▸ Assignment
Reproduce the listing word for word. Skip any image.

▽

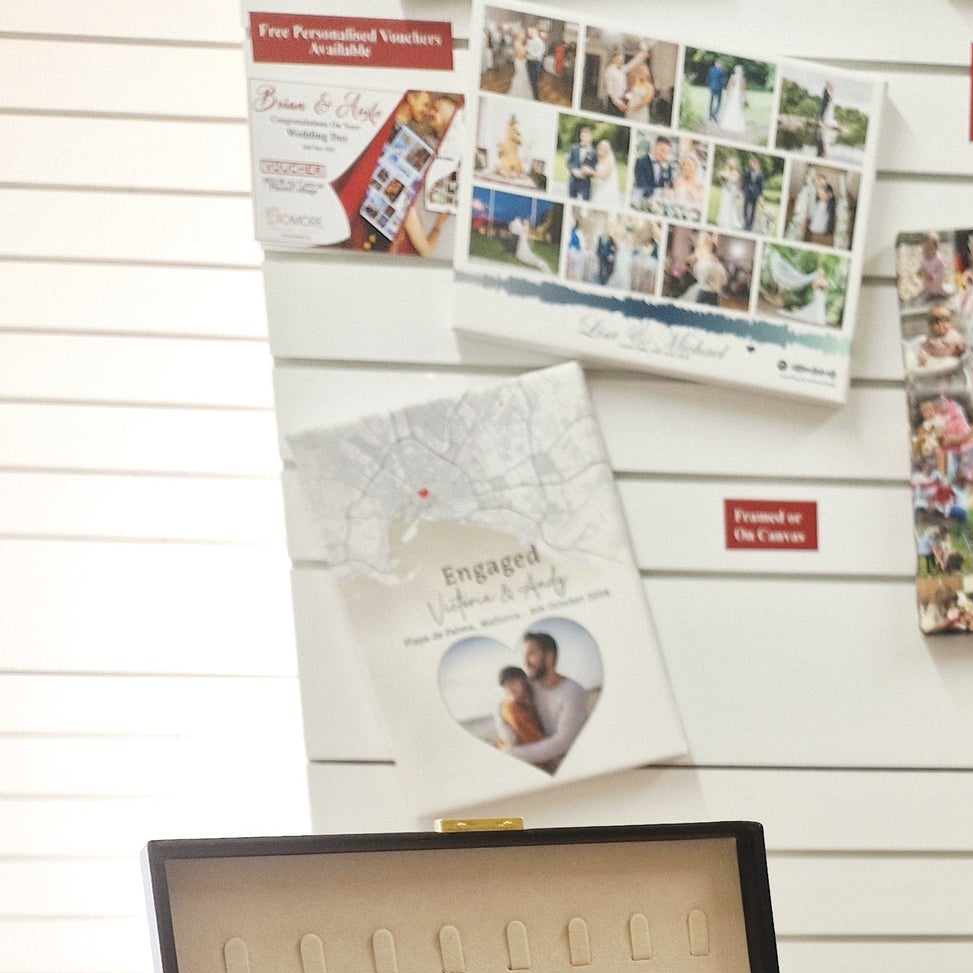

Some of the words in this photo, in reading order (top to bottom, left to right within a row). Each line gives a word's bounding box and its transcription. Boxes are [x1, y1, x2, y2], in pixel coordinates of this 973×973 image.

[258, 23, 289, 39] Free
[293, 25, 377, 44] Personalised
[379, 29, 442, 47] Vouchers
[309, 42, 372, 58] Available
[733, 508, 785, 525] Framed
[733, 528, 755, 542] On
[757, 528, 806, 544] Canvas
[441, 544, 541, 588] Engaged
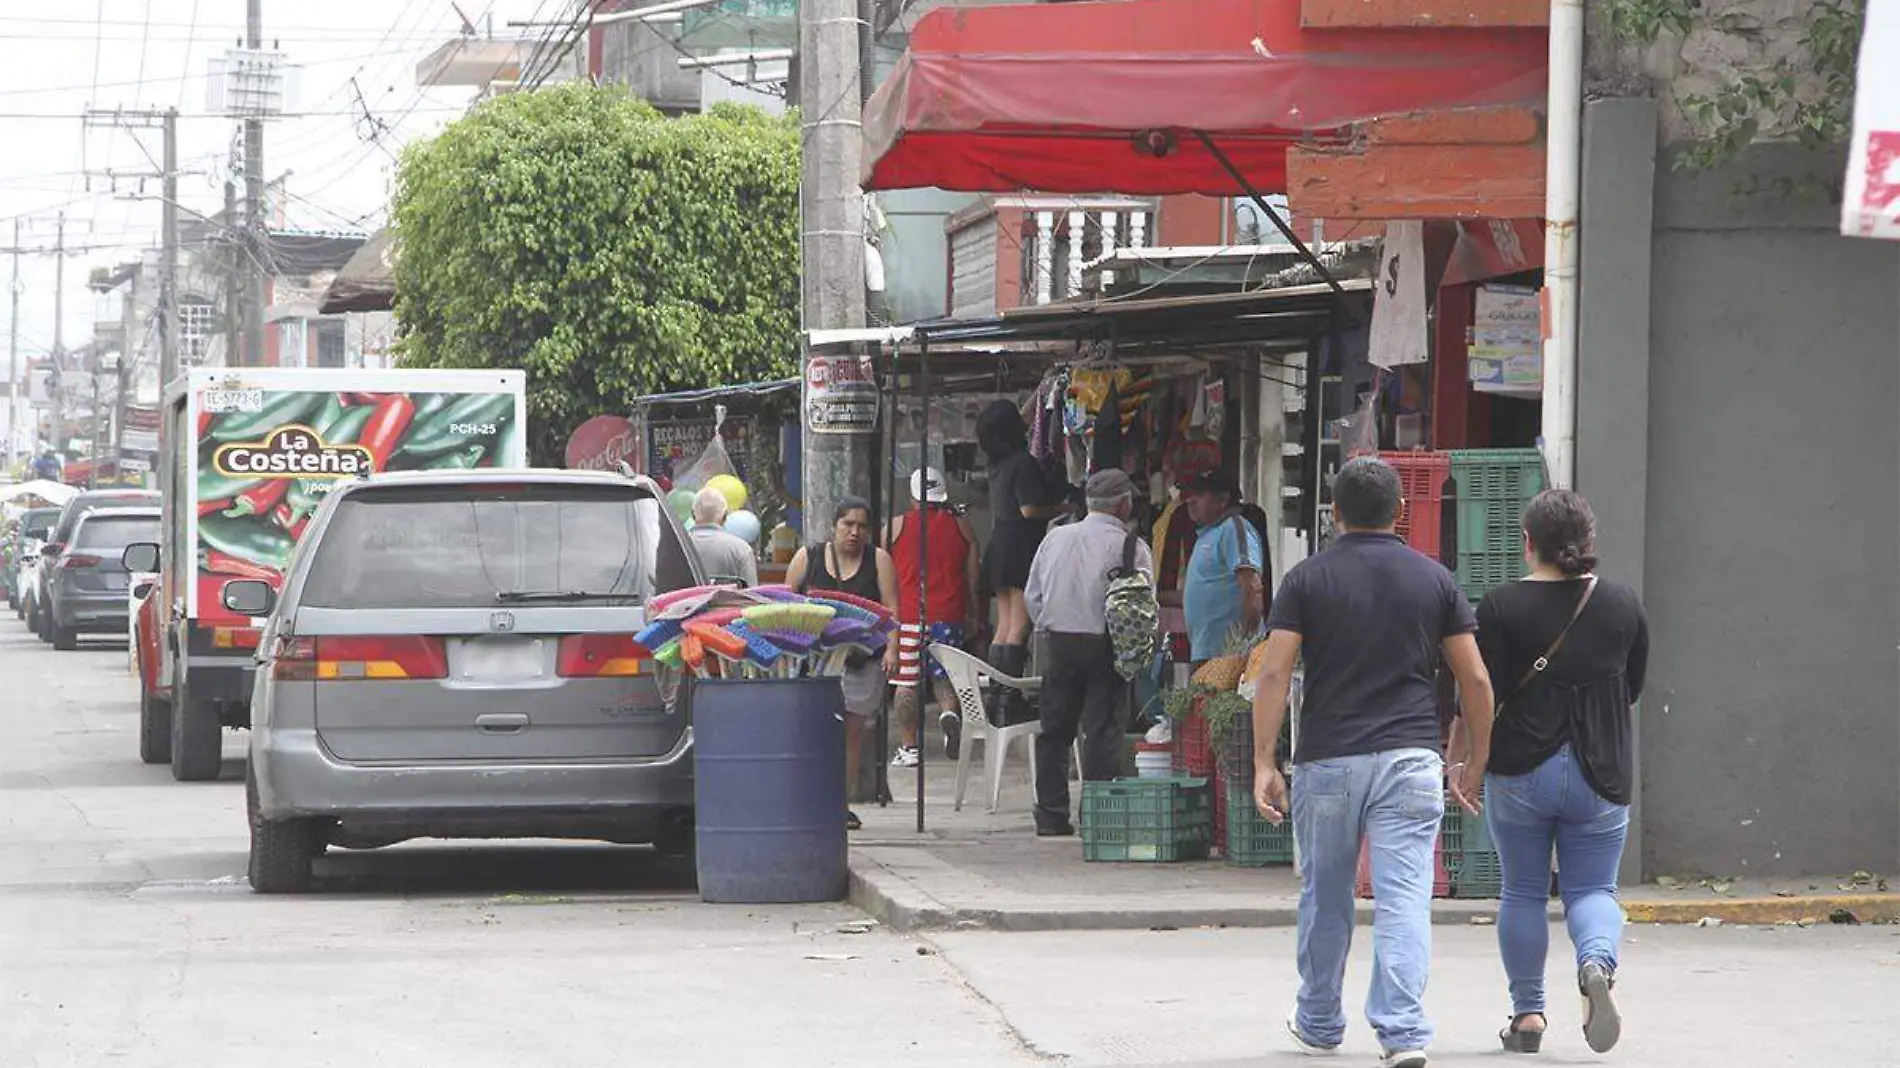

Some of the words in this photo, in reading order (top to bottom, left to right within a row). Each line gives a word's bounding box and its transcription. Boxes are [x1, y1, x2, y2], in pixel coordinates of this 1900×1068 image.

[449, 423, 497, 435] PCH-25
[653, 424, 702, 443] REGALOS
[280, 432, 308, 450] La
[228, 449, 358, 472] Costeña

△

▸ Exercise result
Some of the words in this photo, in reading order (top to bottom, left to right within a row). Each line gives a word's bounding box and its transcription. Boxes are [x1, y1, x2, y2], in pixel coordinates of this 973×973 image.

[258, 23, 289, 39] Free
[293, 25, 377, 44] Personalised
[379, 29, 442, 47] Vouchers
[309, 42, 372, 58] Available
[733, 508, 785, 525] Framed
[733, 528, 755, 542] On
[757, 528, 806, 544] Canvas
[441, 544, 541, 588] Engaged

Some of the words in this photo, in reading order (top to bottom, left to right within a row). Each line gives a word's bounding box and its transcription. Boxes are [x1, y1, x2, y2], in pixel coordinates of this 1900×1068 image.

[449, 423, 497, 435] PCH-25
[653, 424, 702, 443] REGALOS
[280, 432, 308, 450] La
[228, 449, 358, 472] Costeña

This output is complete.